Nanocrystalline materials contain a large amount of grain boundaries, which are thought to be able to absorb and remove defects like interstitials and vacancies, so scientists have thought that these materials would be more tolerant to radiation than their larger-grain counterparts.
But until conducting recent computer simulations, scientists lacked the ability to predict the performance of nanocrystalline materials in extreme environments. That’s because specific details of what occurs within solids are extremely complex and therefore difficult to visualize.
In a paper appearing in the journal Science, the researchers describe a newly discovered “loading-unloading” phenomenon at grain boundaries in nanocrystalline materials, which allows for effective self-healing of radiation-induced defects.
Using three different computer simulation methods, the researchers studied the interaction between defects and grain boundaries on time scales ranging from picoseconds to microseconds (one-trillionth of a second to one-millionth of a second).
On the shorter timescales, radiation-damaged materials underwent a “loading” process at the grain boundaries, in which interstitial atoms became trapped — or loaded — into the grain boundary. After trapping interstitials, the grain boundary later “unloaded” interstitials back into vacancies near the grain boundary, therefore healing the damaged material.
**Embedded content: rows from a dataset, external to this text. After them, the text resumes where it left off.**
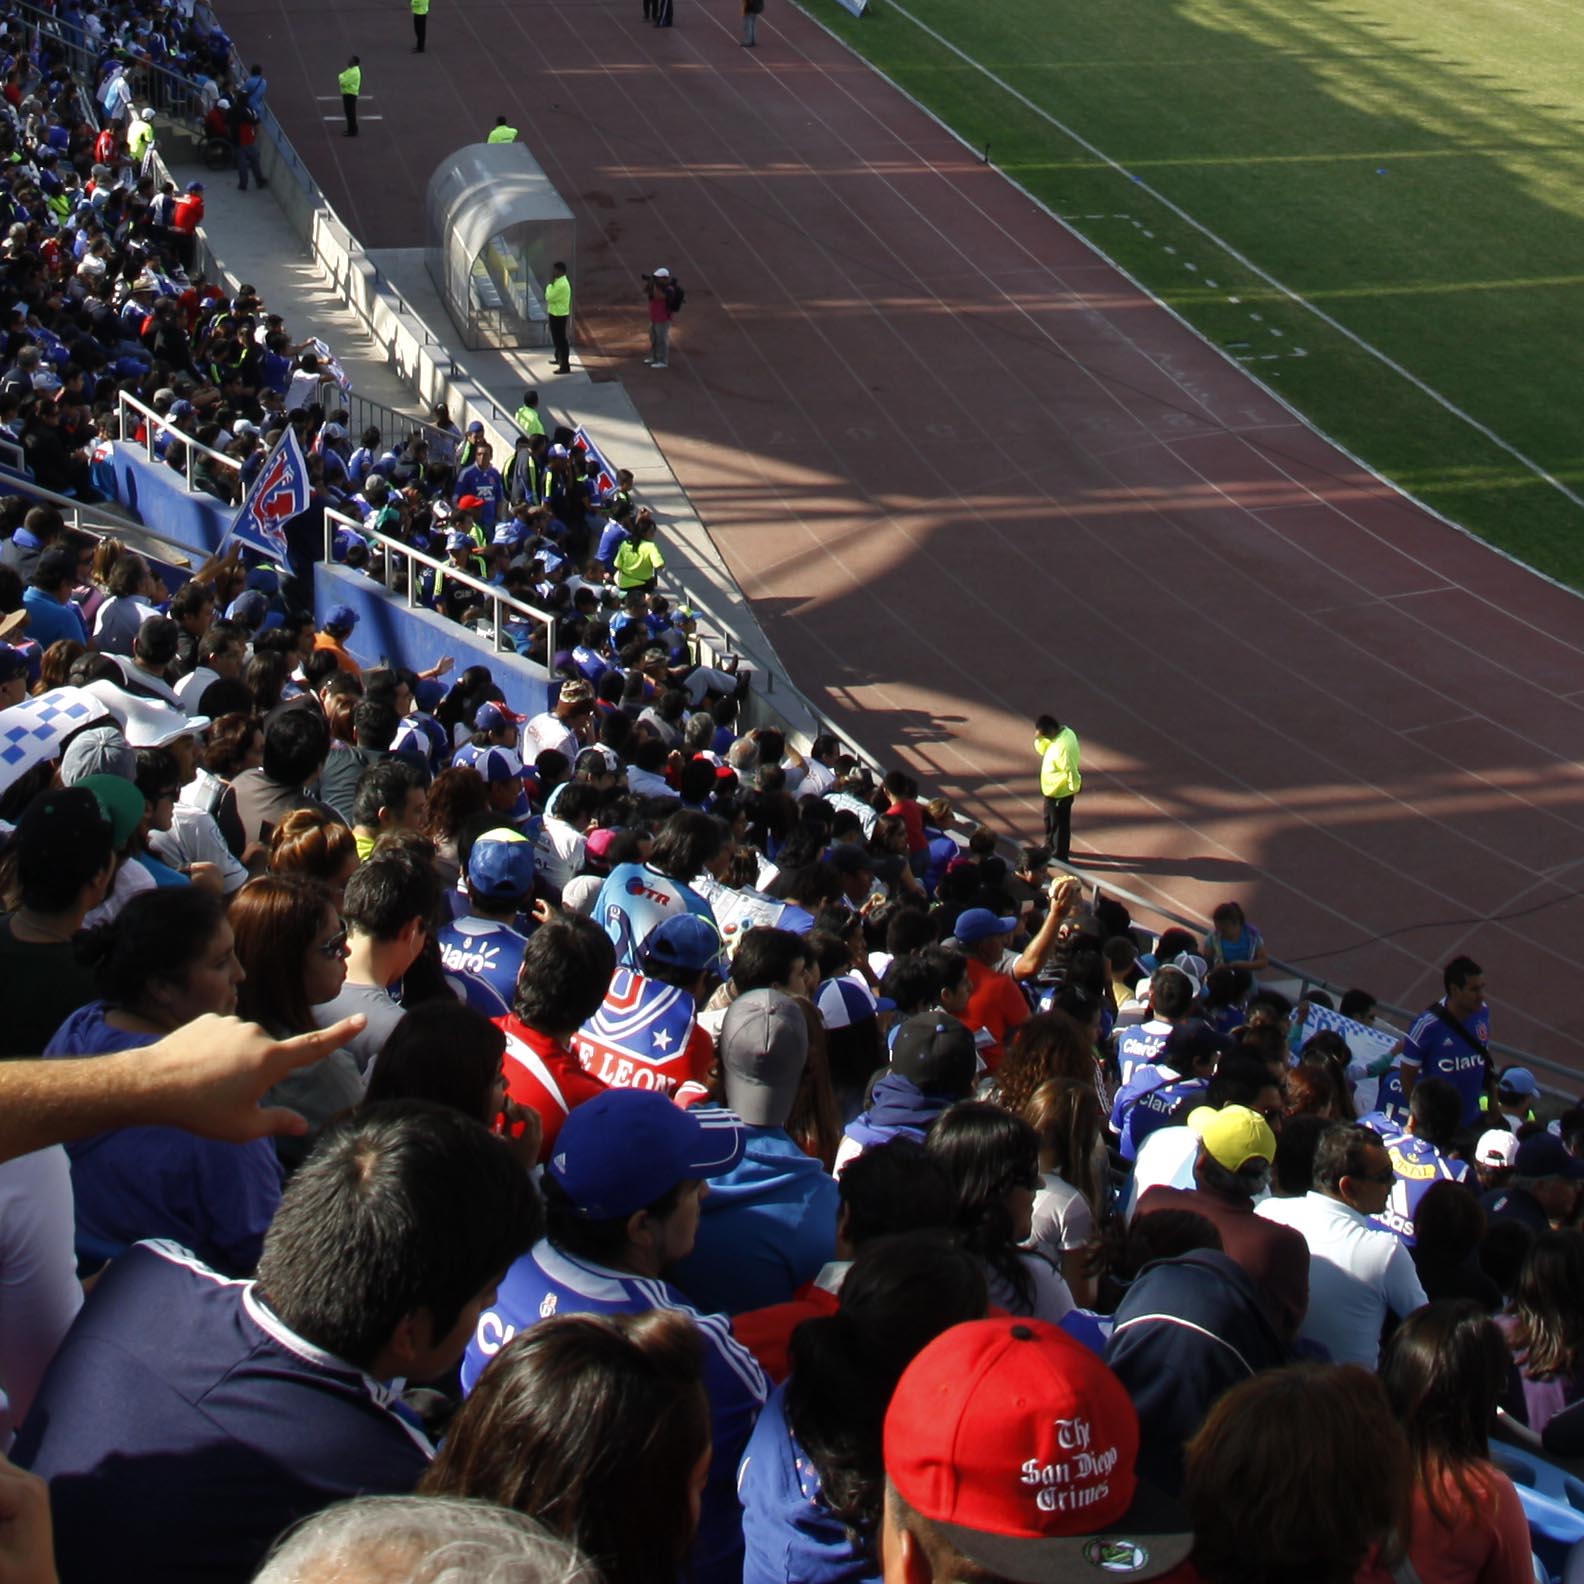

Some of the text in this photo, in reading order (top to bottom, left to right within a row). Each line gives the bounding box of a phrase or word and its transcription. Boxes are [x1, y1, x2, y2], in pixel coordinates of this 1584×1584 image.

[438, 941, 484, 974] laro
[1055, 1418, 1090, 1450] The
[1021, 1446, 1118, 1485] San Diego
[1036, 1482, 1109, 1511] Crimes
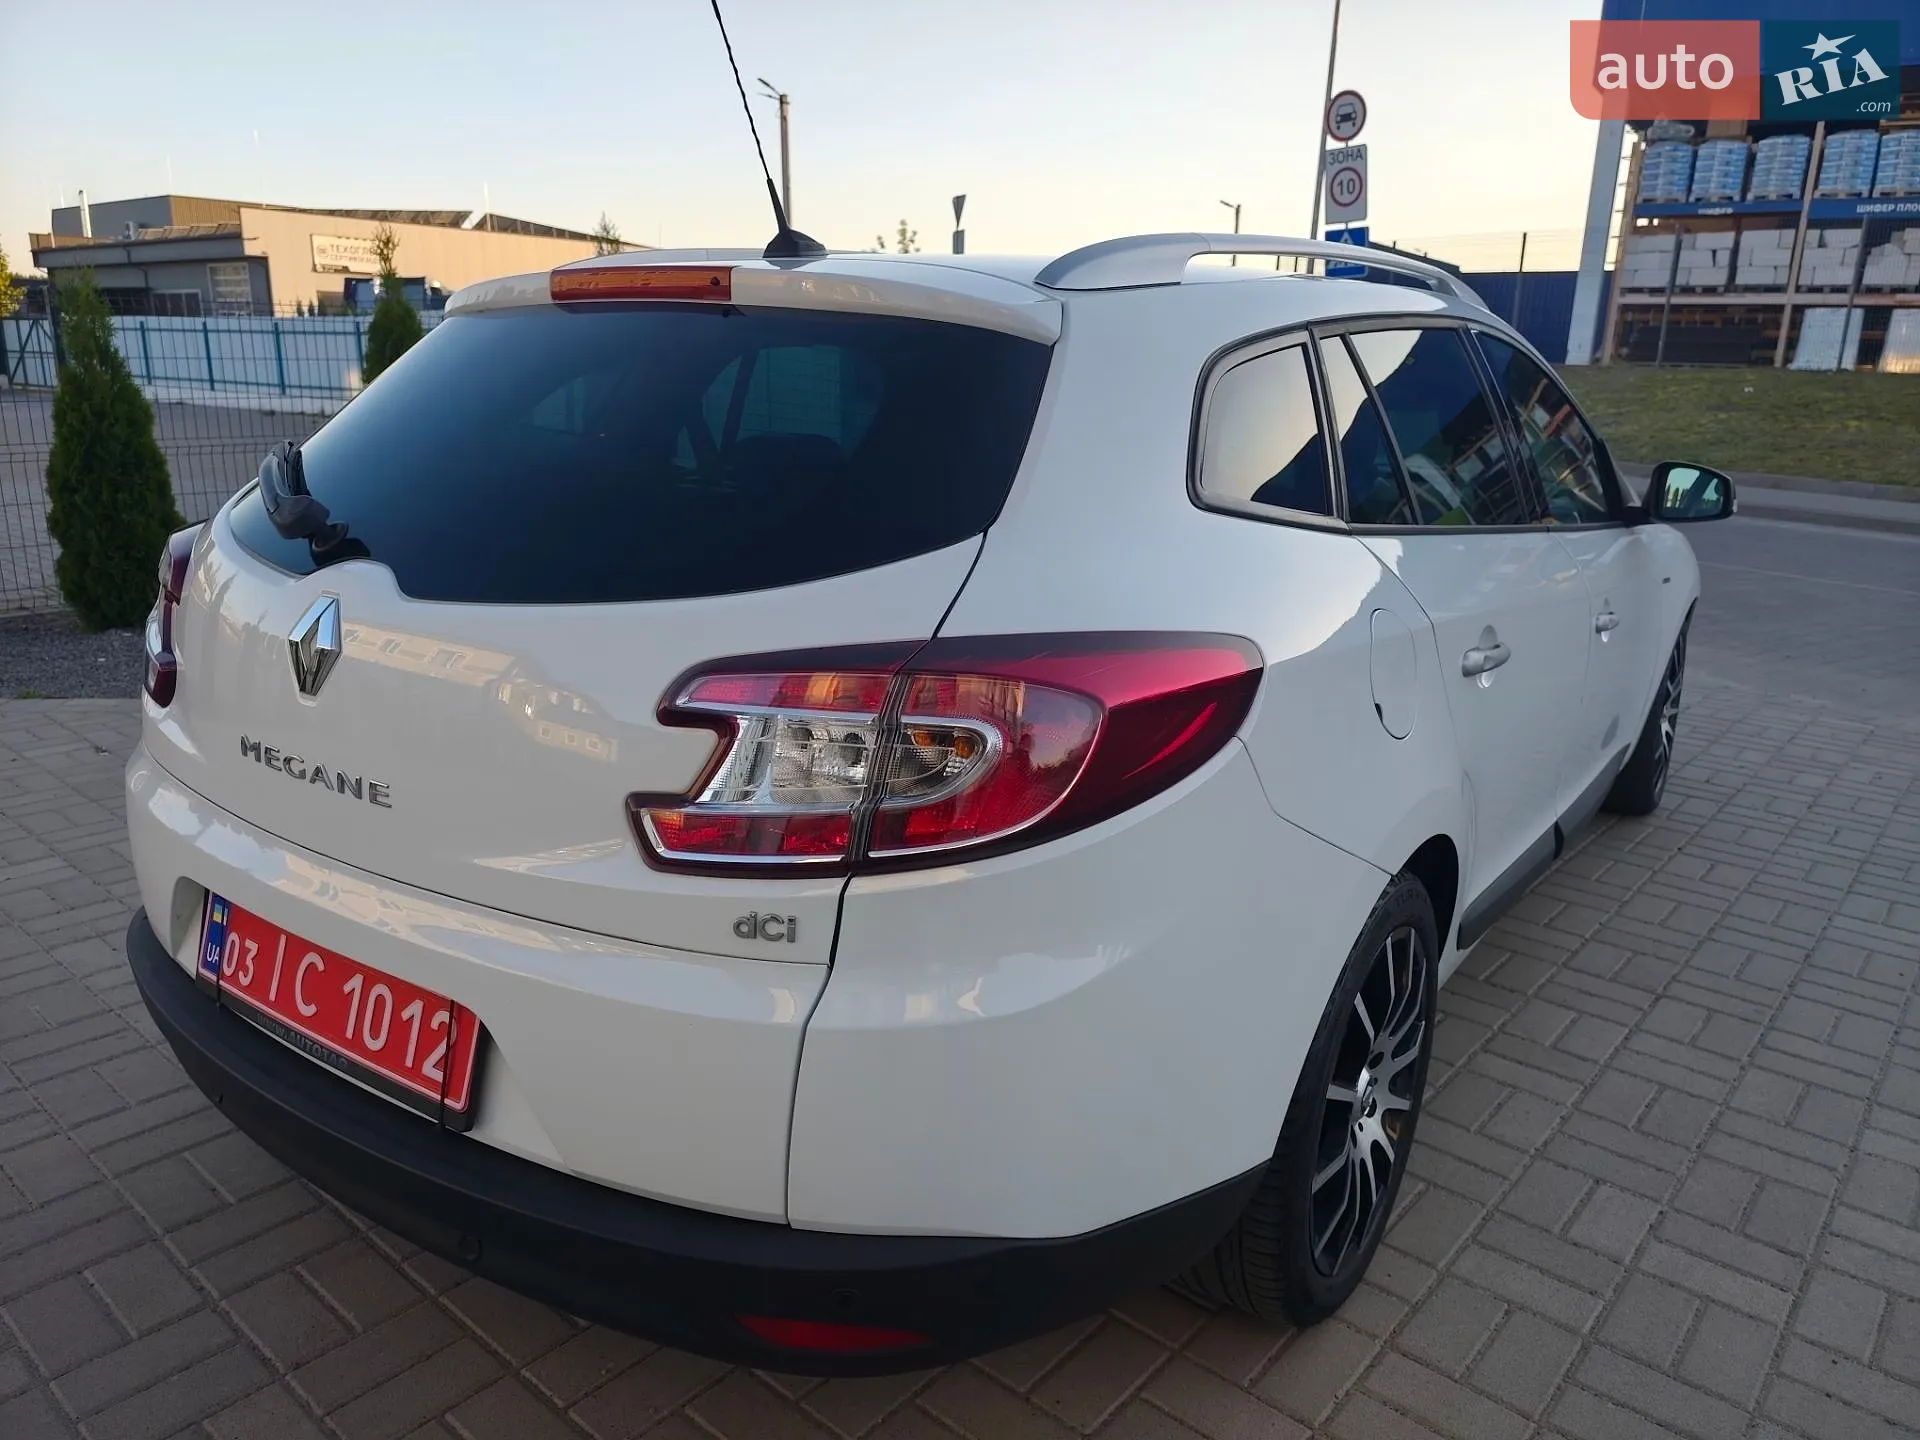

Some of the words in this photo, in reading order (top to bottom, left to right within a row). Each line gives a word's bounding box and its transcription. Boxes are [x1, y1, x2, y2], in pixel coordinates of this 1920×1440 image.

The scientists say this unloading process was totally unexpected because grain boundaries traditionally have been regarded as places that accumulate interstitials, but not as places that release them. The healing process does require some energy to operate but at lower levels than conventional mechanisms.
It is hoped that this new could eventually assist or accelerate the design of highly radiation-tolerant materials for the next generation of nuclear energy applications.
The Los Alamos National Laboratory research team includes: Xian-Ming Bai, Richard G. Hoagland and Blas P. Uberuaga of the Materials Science and Technology Division; Arthur F. Voter, of the Theoretical Division; and Michael Nastasi of the Materials Physics and Applications Division.